Mathematically Mature: may contain mathematics beyond calculus with proofs.

_______________________________________________________________________________________________ ### Section Starter Question

What would it mean to say that the sequence ${n}^{3}+50{n}^{2}+100000$ grows at the same rate as ${n}^{3}$? How could you make that precise?

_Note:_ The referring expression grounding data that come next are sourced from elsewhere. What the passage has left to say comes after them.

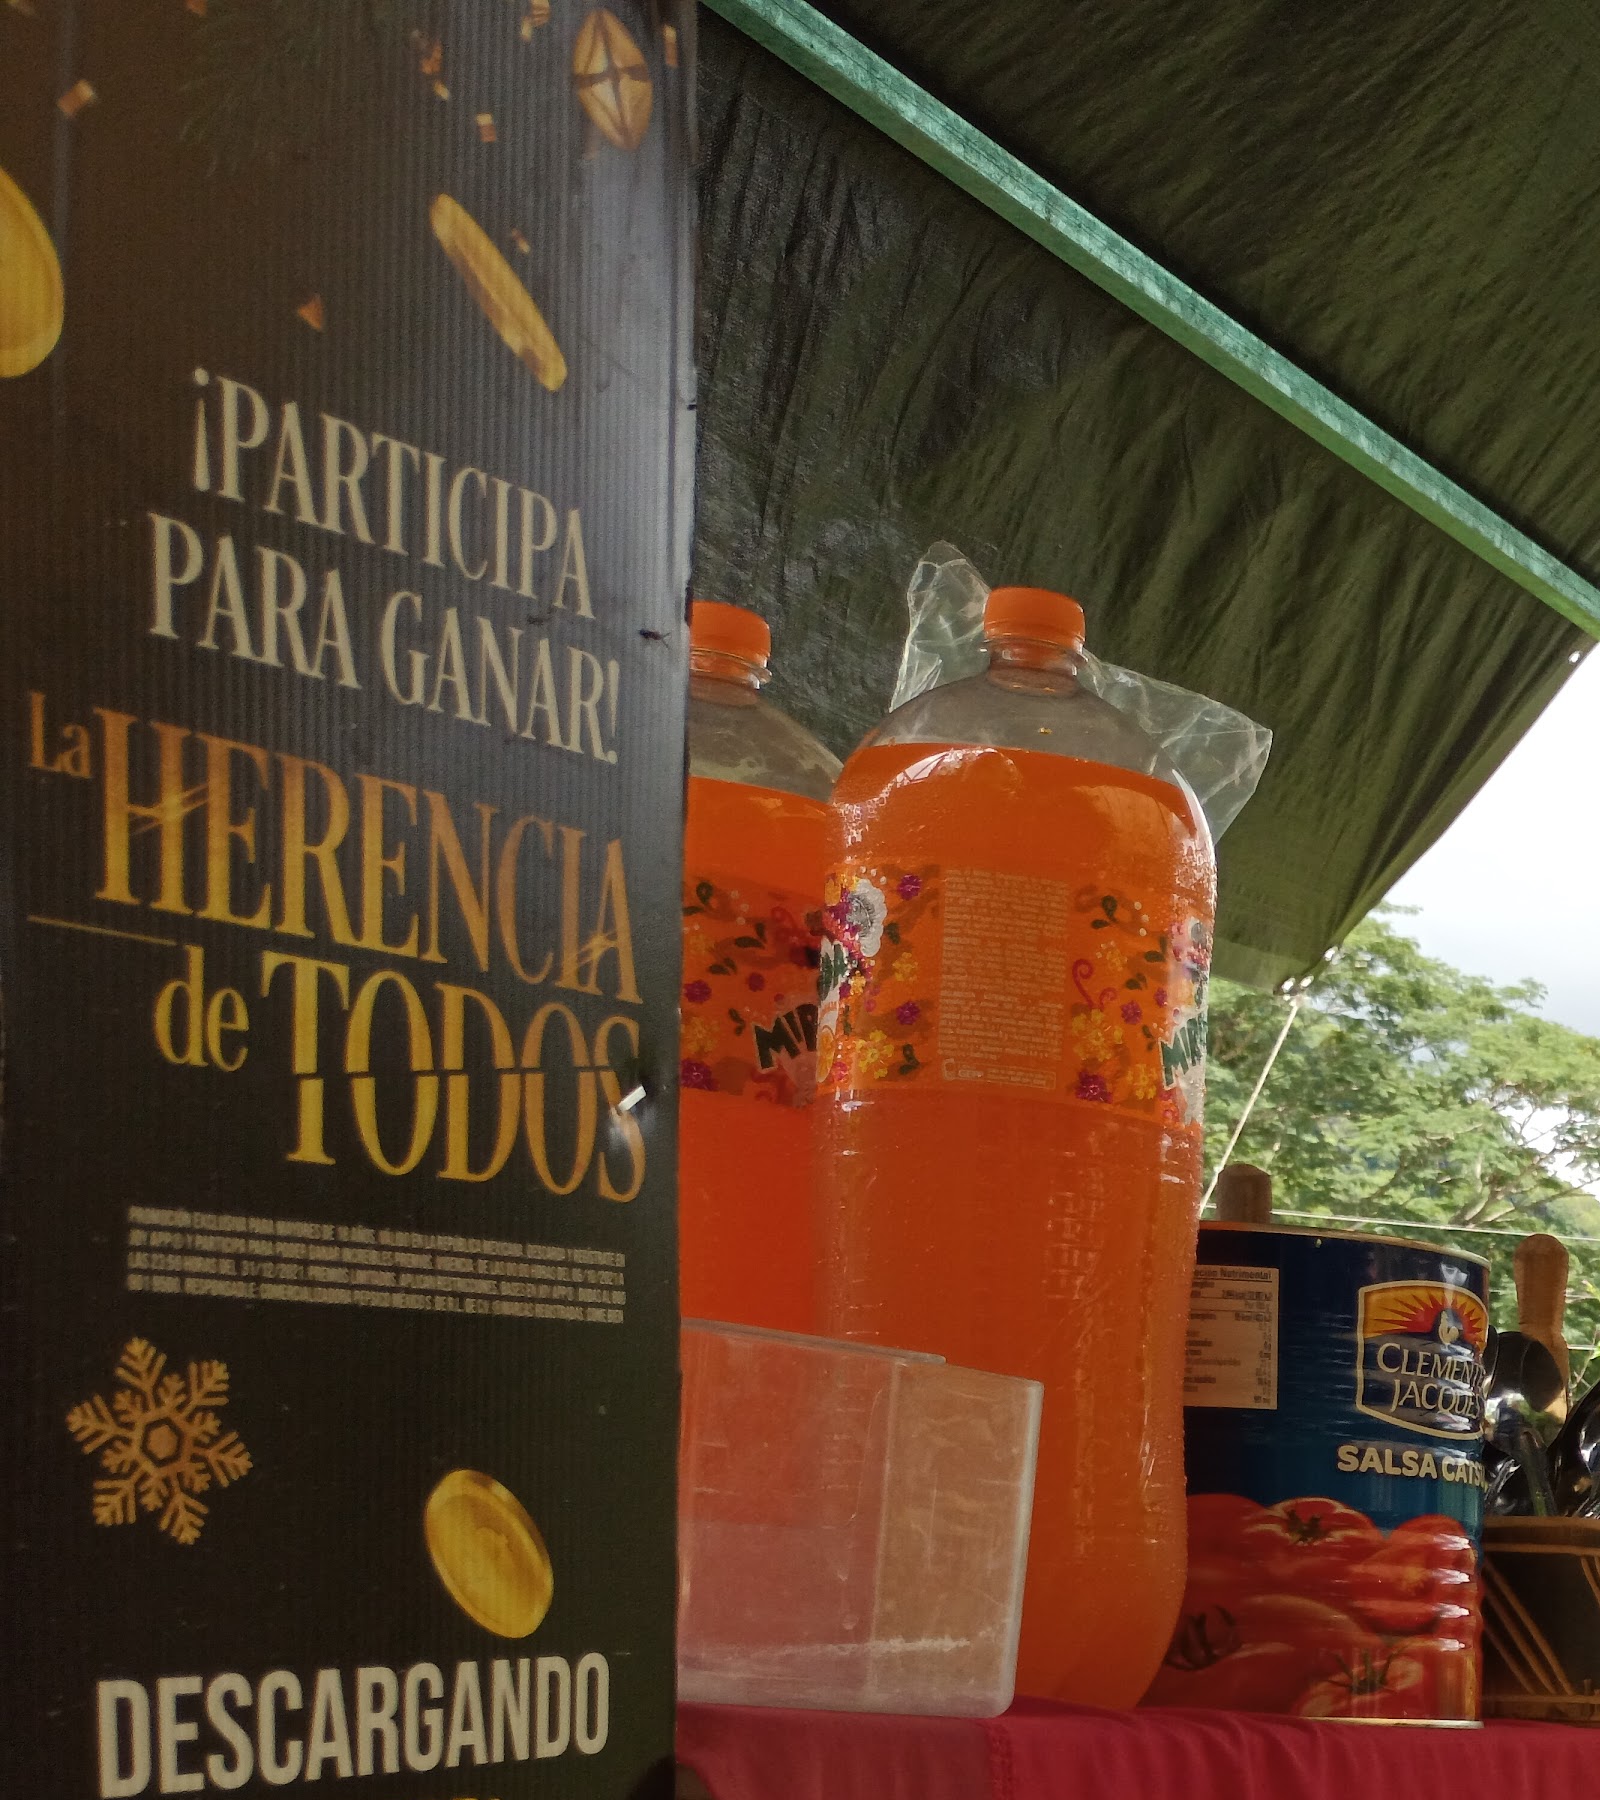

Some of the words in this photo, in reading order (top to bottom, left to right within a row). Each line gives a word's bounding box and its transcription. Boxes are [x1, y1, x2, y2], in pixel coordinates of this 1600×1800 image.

[193, 368, 596, 619] ¡PARTICIPA
[147, 512, 362, 690] PARA
[380, 589, 621, 764] GANAR!
[28, 691, 92, 780] La
[93, 708, 645, 1004] HERENCIA
[154, 944, 251, 1072] de
[261, 952, 647, 1203] TODOS
[1337, 1444, 1438, 1479] SALSA
[1390, 1379, 1480, 1419] JACQUES
[97, 1652, 610, 1800] DESCARGANDO
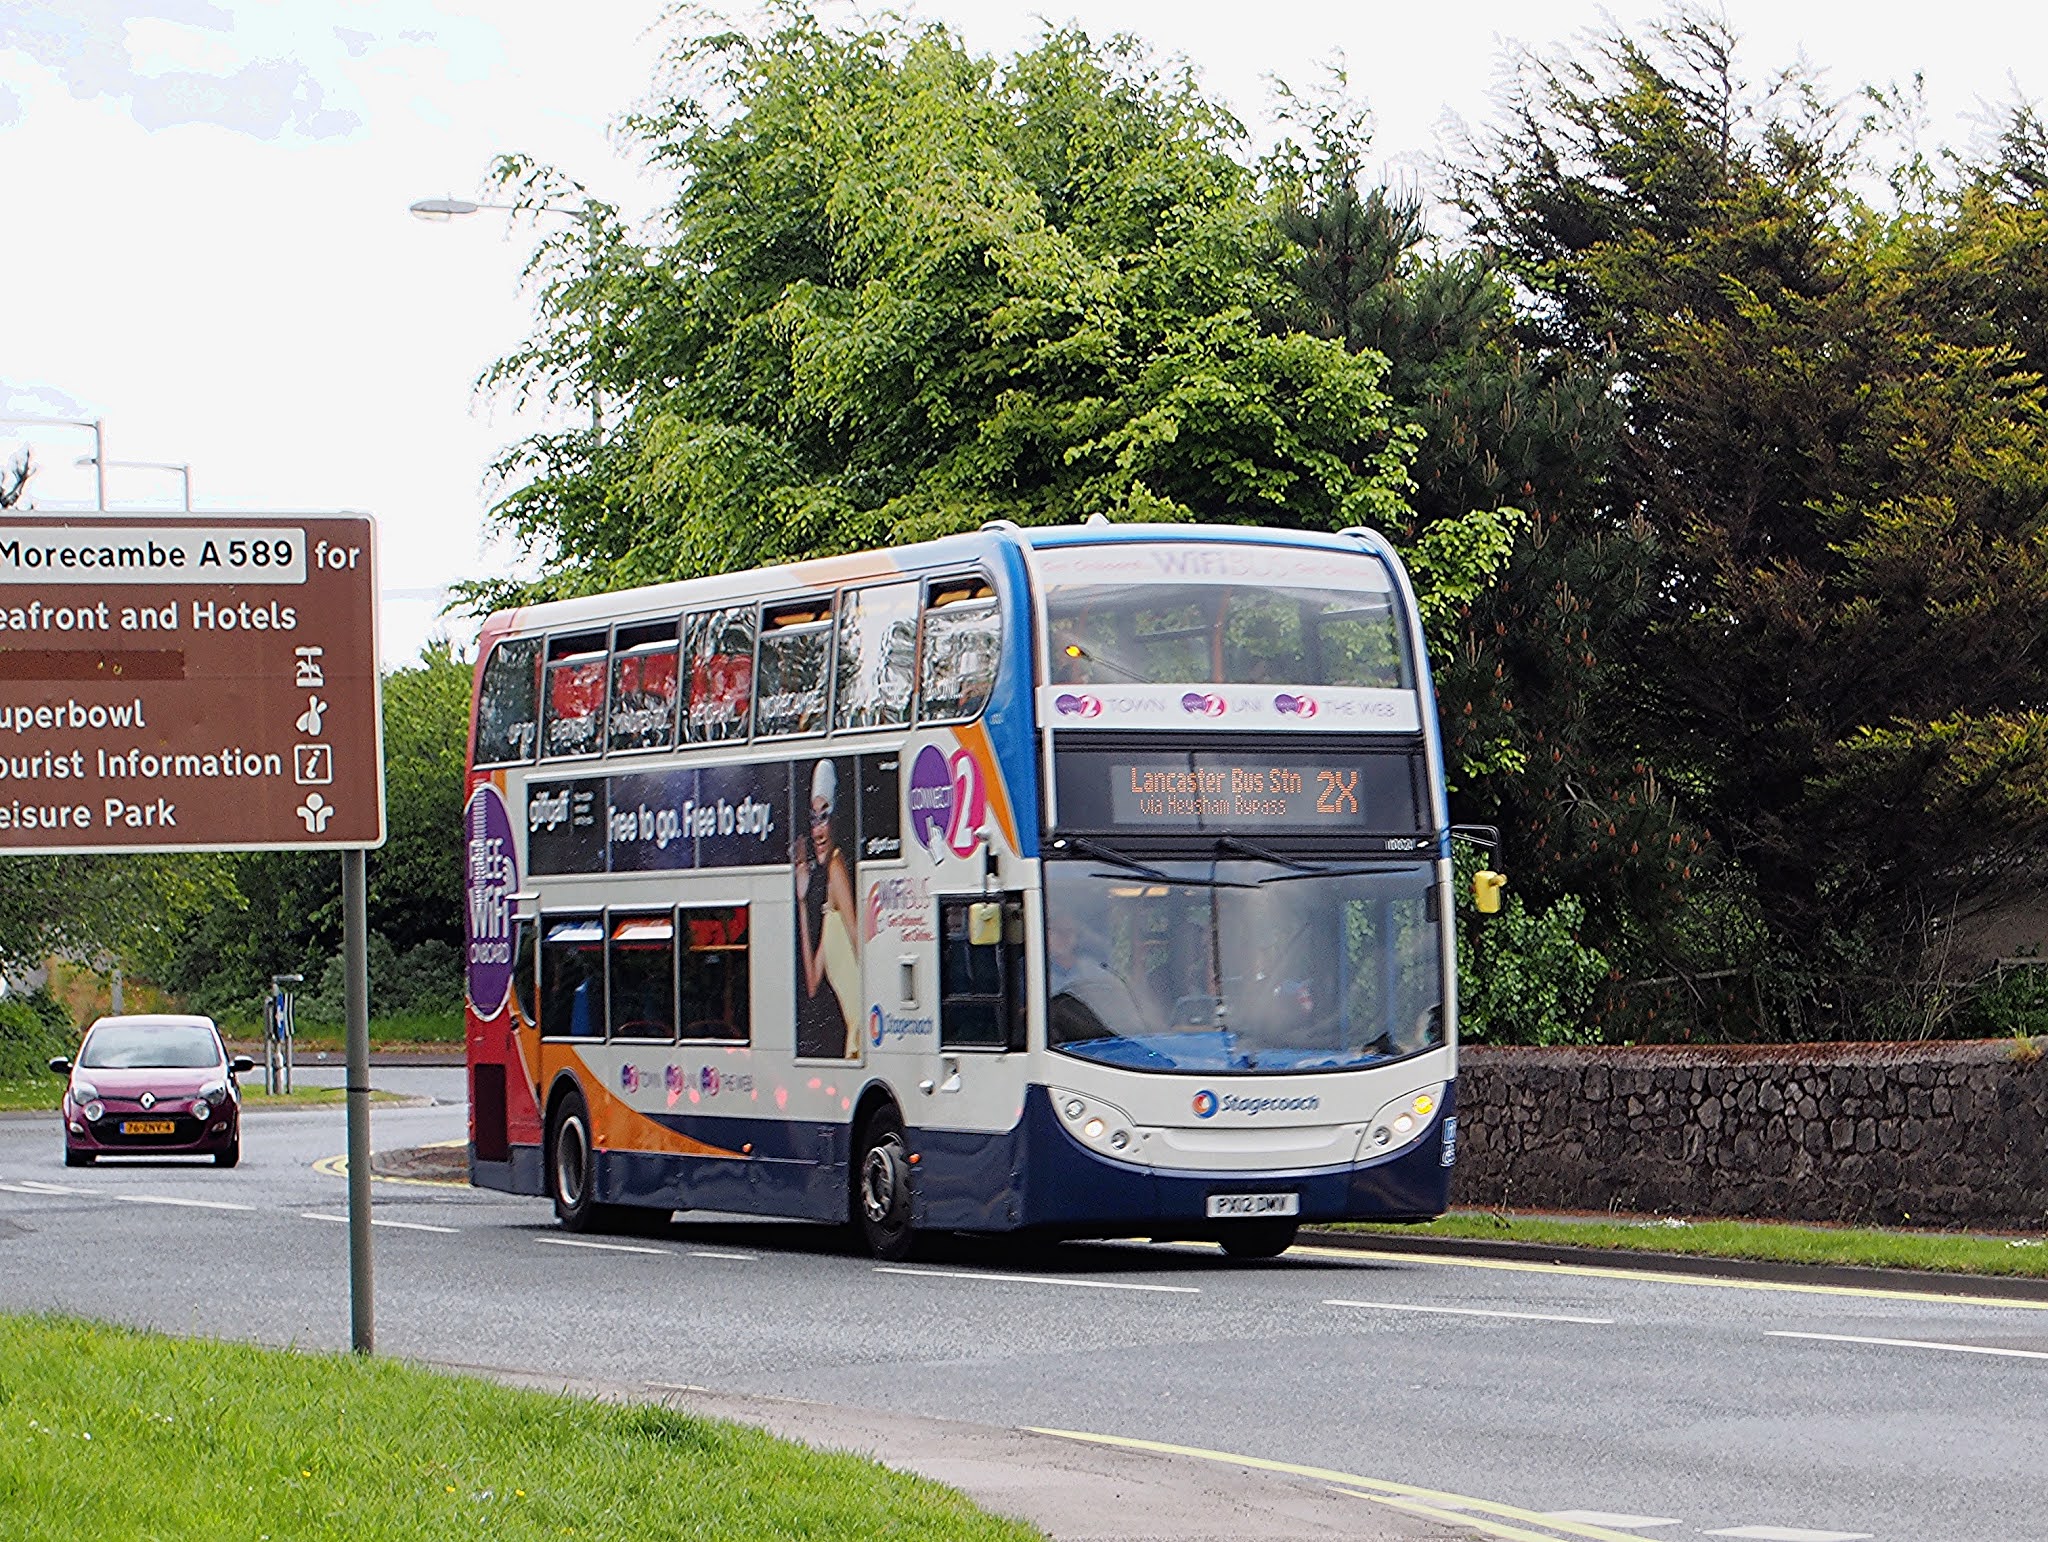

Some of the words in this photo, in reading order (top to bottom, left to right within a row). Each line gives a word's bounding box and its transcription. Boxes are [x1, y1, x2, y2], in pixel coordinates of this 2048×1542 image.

[0, 540, 186, 568] Morecambe
[315, 541, 360, 569] for
[120, 601, 179, 630] and
[192, 601, 297, 630] Hotels
[0, 699, 146, 733] uperbowl
[97, 748, 282, 778] Information
[953, 755, 975, 849] 2
[1131, 767, 1226, 793] Lancaster
[1231, 768, 1264, 793] Bus
[1269, 768, 1302, 793] Stn
[1316, 771, 1359, 814] 2X
[1139, 795, 1163, 815] via
[1168, 795, 1230, 815] Heysham
[1234, 795, 1287, 815] Bypass
[0, 800, 91, 830] eisure
[104, 798, 177, 828] Park
[683, 800, 716, 838] Free
[1221, 1094, 1320, 1117] Stagecoach

_______________________________________________________________________________________________ ### Key Concepts

1. ${a}_{n}=O\left({b}_{n}\right)$ if and only if ${limsup}_{n\to \infty }\left|\frac{{a}_{n}}{{b}_{n}}\right|<\infty$.
2. ${a}_{n}=\Omega \left({b}_{n}\right)$ if and only if ${liminf}_{n\to \infty }\left|\frac{{a}_{n}}{{b}_{n}}\right|>0$.
3. ${a}_{n}=o\left({b}_{n}\right)$ if and only if $\underset{n\to \infty }{lim}\left|\frac{{a}_{n}}{{b}_{n}}\right|=0$.
4. ${a}_{n}=\omega \left({b}_{n}\right)$ if and only if $\underset{n\to \infty }{lim}\left|\frac{{a}_{n}}{{b}_{n}}\right|=\infty$.
5. ${a}_{n}\sim {b}_{n}$ (as $n\to \infty$) if ${a}_{n}=\left(1+o\left(1\right)\right){b}_{n}$.

__________________________________________________________________________ ### Vocabulary

1. We say ${a}_{n}=O\left({b}_{n}\right)$ as $n\to \infty$ if there are constants $C>0$ and ${n}_{0}\in ℕ$ such that $|{a}_{n}|\le C|{b}_{n}|$ for all $n\ge {n}_{0}$.
2. We say ${a}_{n}=\Omega \left({b}_{n}\right)$ as $n\to \infty$ if ${b}_{n}=O\left({a}_{n}\right)$, that is there are constants $C>0$ and ${n}_{0}\in ℕ$ such that $|{a}_{n}|\ge C|{b}_{n}|$ for all $n\ge {n}_{0}$.
3. We say ${a}_{n}=o\left({b}_{n}\right)$ as $n\to \infty$ if for all $𝜖>0$ there is an ${n}_{0}\in ℕ$ such that $|{a}_{n}|\le 𝜖|{b}_{n}|$ for all $n\ge {n}_{0}$.
4. ${a}_{n}\sim {b}_{n}$ (as $n\to \infty$) if ${a}_{n}=\left(1+o\left(1\right)\right){b}_{n}$.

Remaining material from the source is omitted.